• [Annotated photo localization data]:
++++++
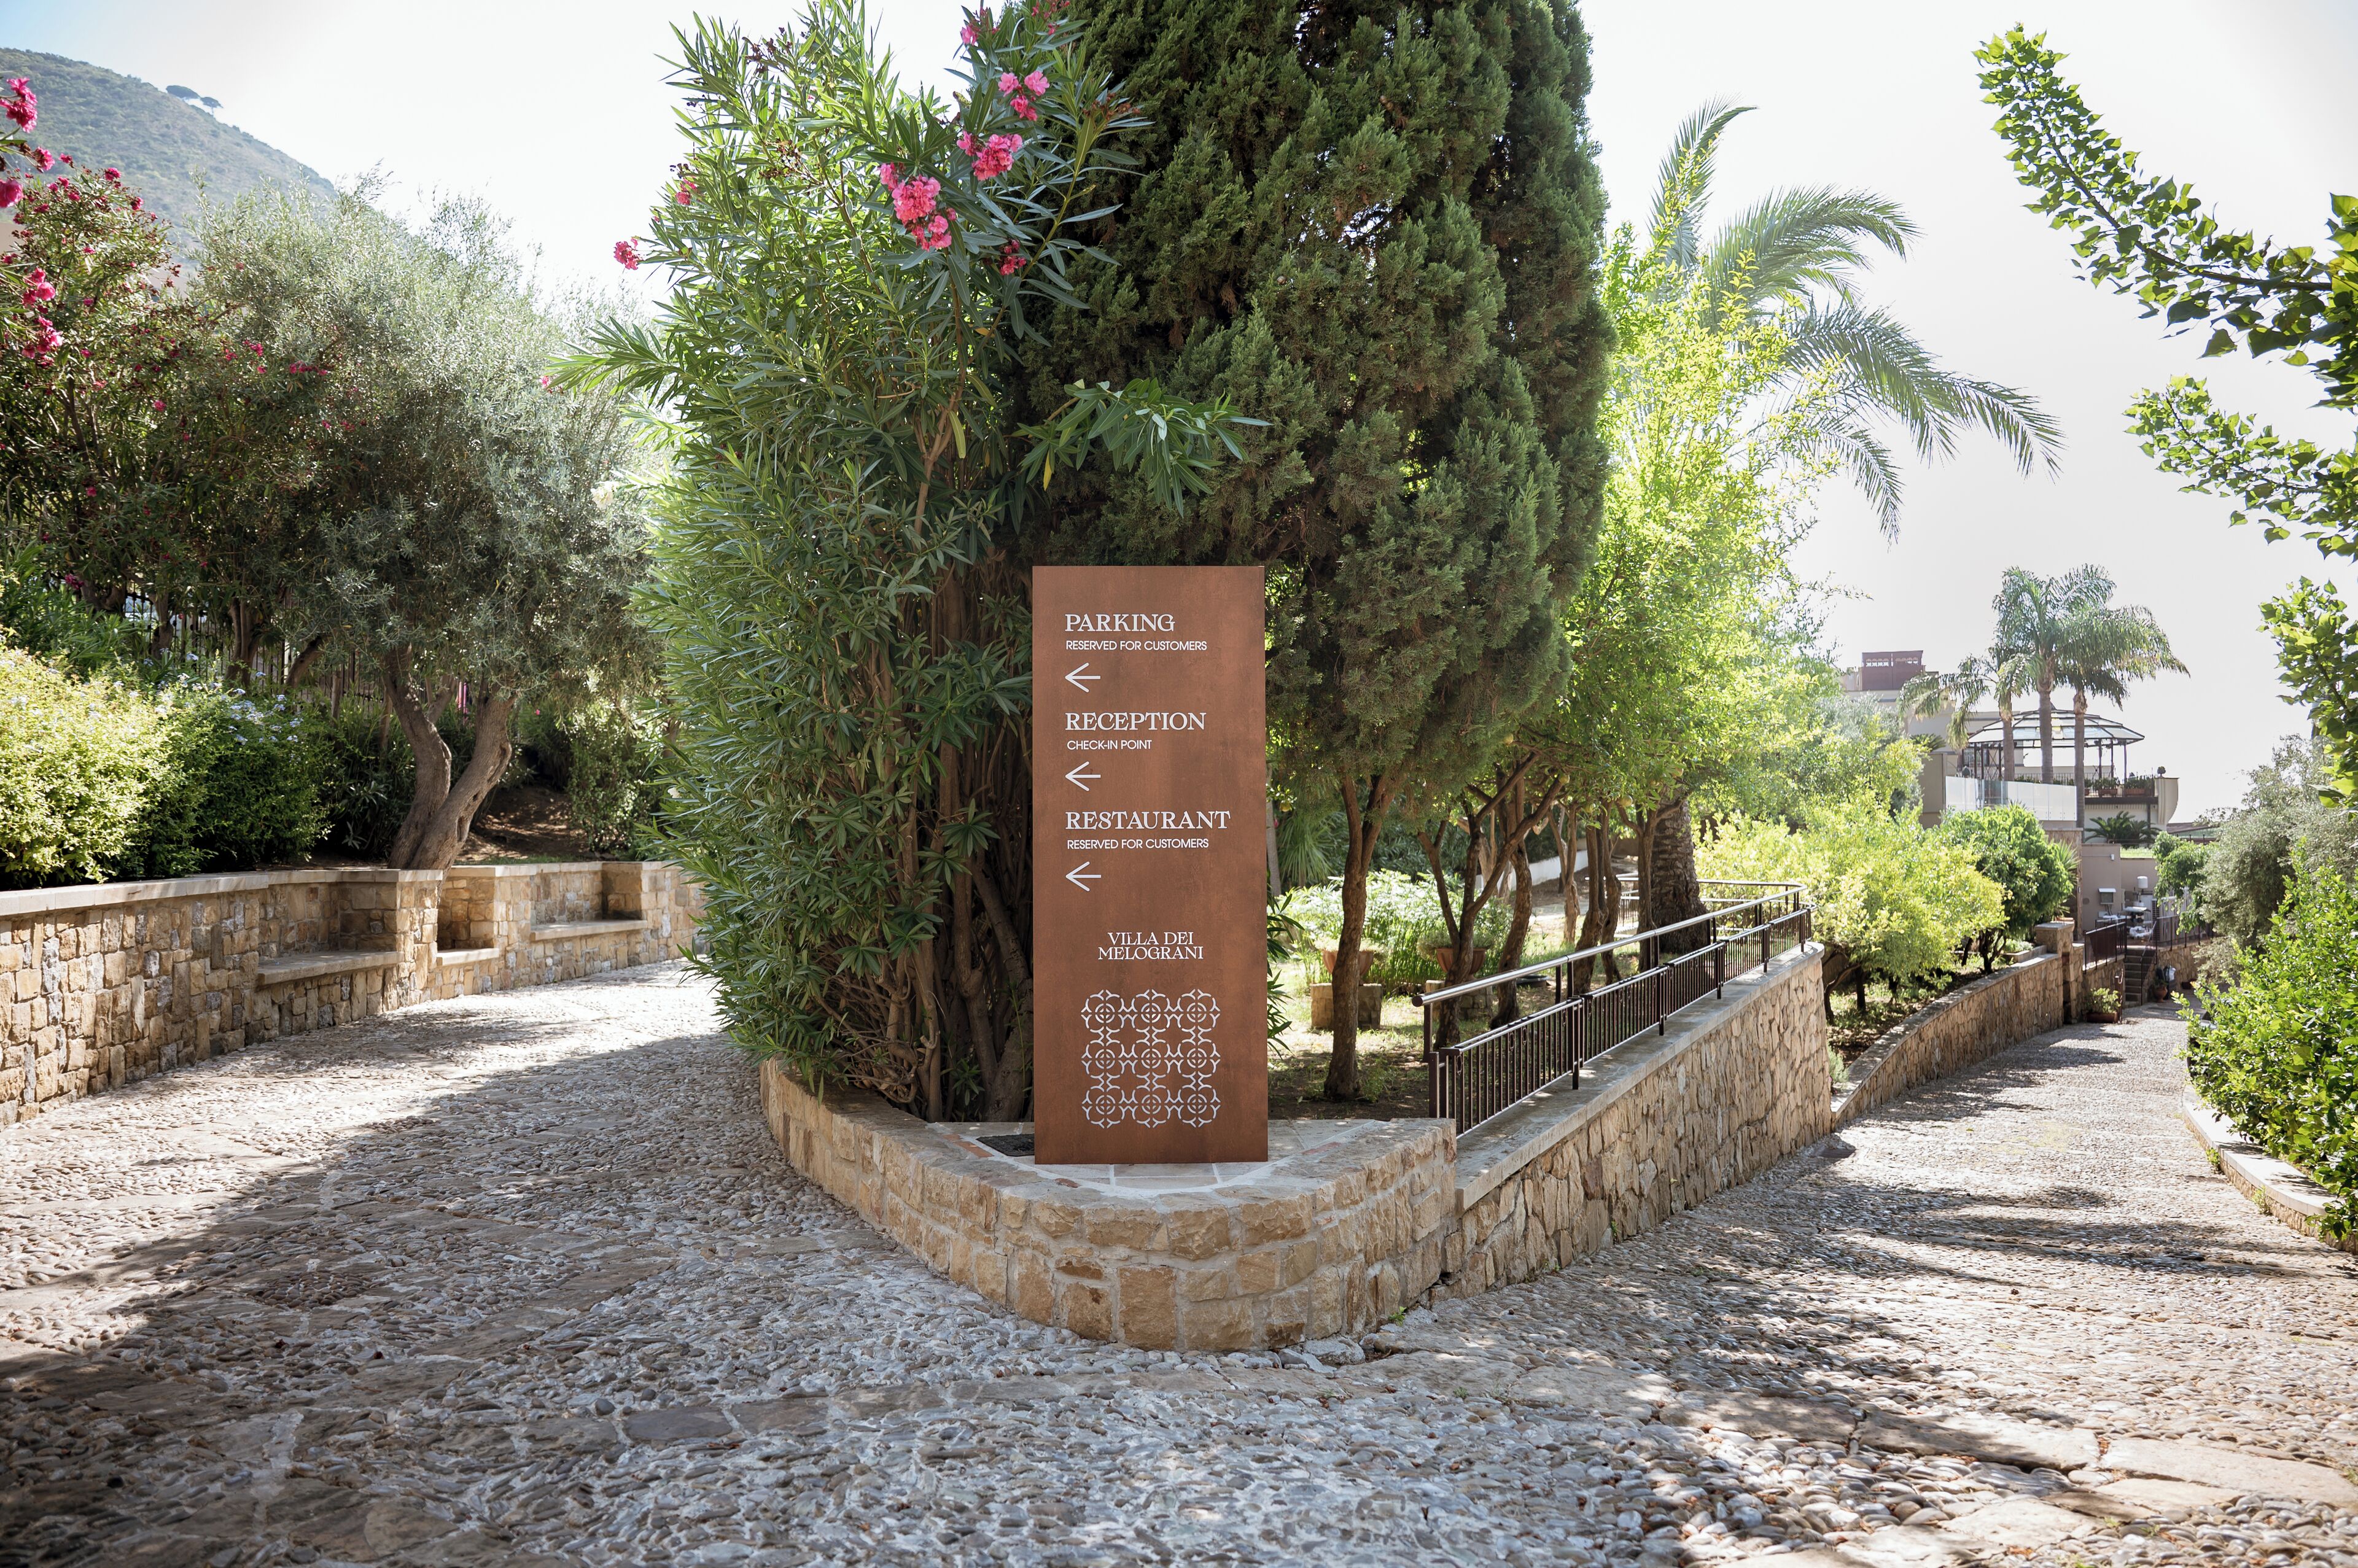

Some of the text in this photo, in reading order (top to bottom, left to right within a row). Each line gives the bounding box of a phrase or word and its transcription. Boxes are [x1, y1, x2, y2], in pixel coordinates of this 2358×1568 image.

[1065, 614, 1175, 632] PARKING
[1066, 640, 1207, 651] RESERVED FOR CUSTOMERS
[1065, 712, 1207, 731] RECEPTION
[1067, 740, 1152, 750] CHECK-IN POINT
[1065, 810, 1231, 830] RESTAURANT
[1067, 839, 1209, 850] RESERVED FOR CUSTOMERS
[1108, 931, 1194, 946] VILLA DEI
[1098, 946, 1204, 961] MELOGRANI
++++++
• [WHAT IS BEING ASKED]: Set down every record exactly, without the pictures.

• [SOLUTION BELOW]:
Some of the text in this photo, in reading order (top to bottom, left to right within a row). Each line gives the bounding box of a phrase or word and its transcription. Boxes are [x1, y1, x2, y2], in pixel coordinates of this 2358×1568 image.

[1065, 614, 1175, 632] PARKING
[1066, 640, 1207, 651] RESERVED FOR CUSTOMERS
[1065, 712, 1207, 731] RECEPTION
[1067, 740, 1152, 750] CHECK-IN POINT
[1065, 810, 1231, 830] RESTAURANT
[1067, 839, 1209, 850] RESERVED FOR CUSTOMERS
[1108, 931, 1194, 946] VILLA DEI
[1098, 946, 1204, 961] MELOGRANI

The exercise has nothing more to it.